Ursula von der Leyen said the bloc of 27 countries’ recovery plan was made possible by a refusal to “tear ourselves apart” and by fighting the pandemic as a united front.

Ms von der Leyen described the €750 billion ($913.11bn) Next Generation EU initiative as Europe’s biggest recovery effort since the post-Second World War Marshall Plan.

The centrepiece is the €672.50bn in loans and grants via the Recovery and Resilience Facility, with each member state asked to submit a plan of intended reforms.

The Commission wants to use the pandemic as an opportunity to transform the bloc’s future, with 37 per cent of recovery plan funds earmarked for climate-friendly objectives. Another 20 per cent should be devoted to the digital transition, it said.

It is expected that from next week, the Commission will begin approving national recovery plans with 23 member states having submitted proposals.

“These plans send a very clear message. Europeans are ready for a new start,” Ms von der Leyen told the European Parliament. “Our citizens are ready to embrace a more sustainable, a more digital and a more resilient future.”

Ms von der Leyen said the EU plan sought to make it a “European” recovery.

“Next Generation EU can deliver so much more than 27 individual recovery plans ever could and this will further unite our union. Europeans are in this crisis together, we will come out of it together and we will come out stronger than ever before.
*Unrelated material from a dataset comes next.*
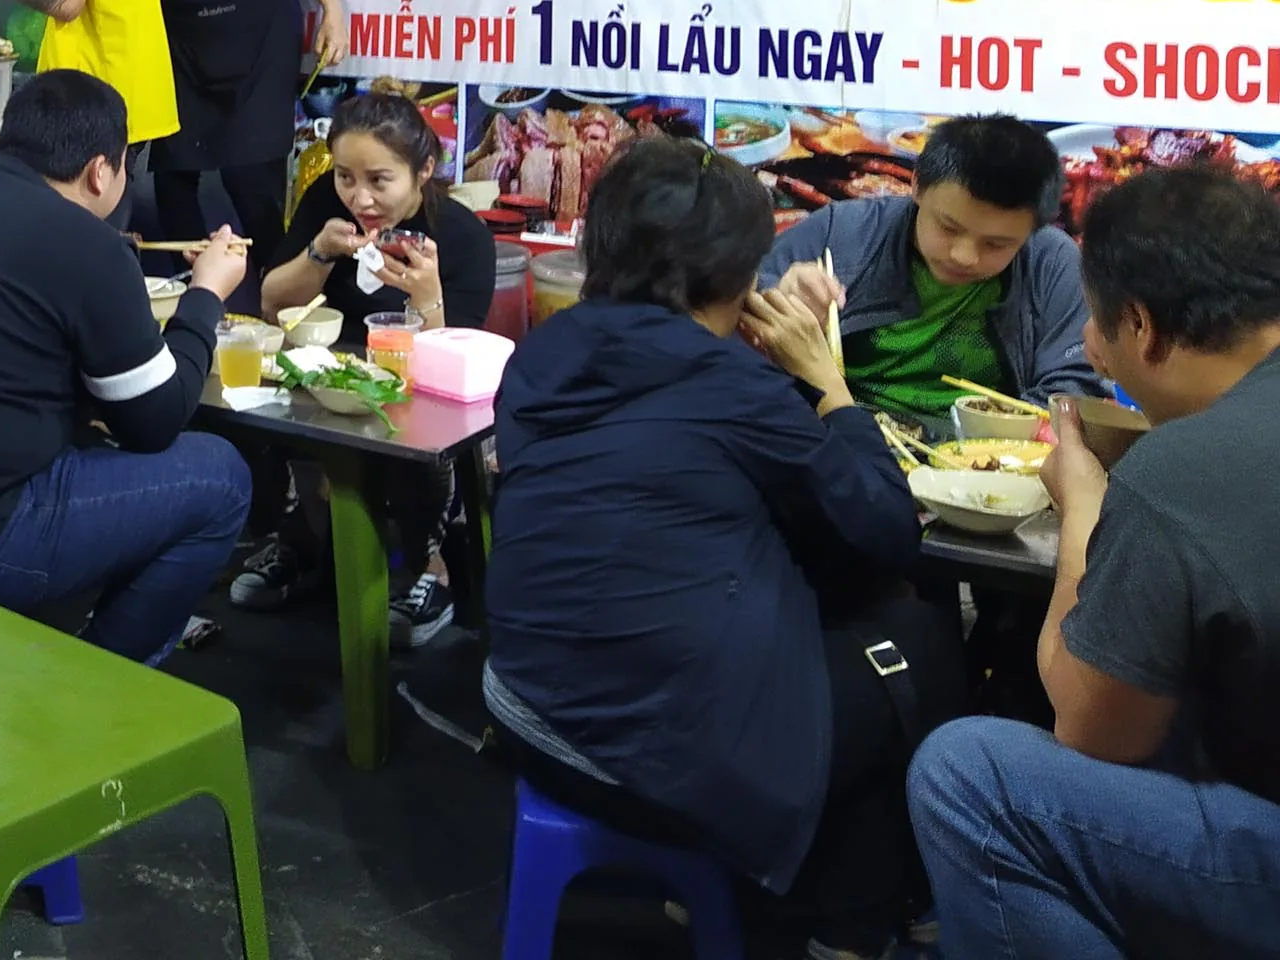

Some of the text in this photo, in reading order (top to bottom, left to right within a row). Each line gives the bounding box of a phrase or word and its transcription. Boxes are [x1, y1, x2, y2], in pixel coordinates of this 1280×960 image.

“Next Generation EU has shown how much we can achieve when we all work together. So, with more confidence than ever, I say ‘long live Europe’.”

The plan was devised in July 2020 but needed the support of all member states before the Commission could borrow the billions of euros required to kick-start the recovery.

The EU’s statistical office on Tuesday reported that gross domestic product in the 19 eurozone countries decreased by 0.3 per cent in the first quarter of 2021 compared to the previous three months.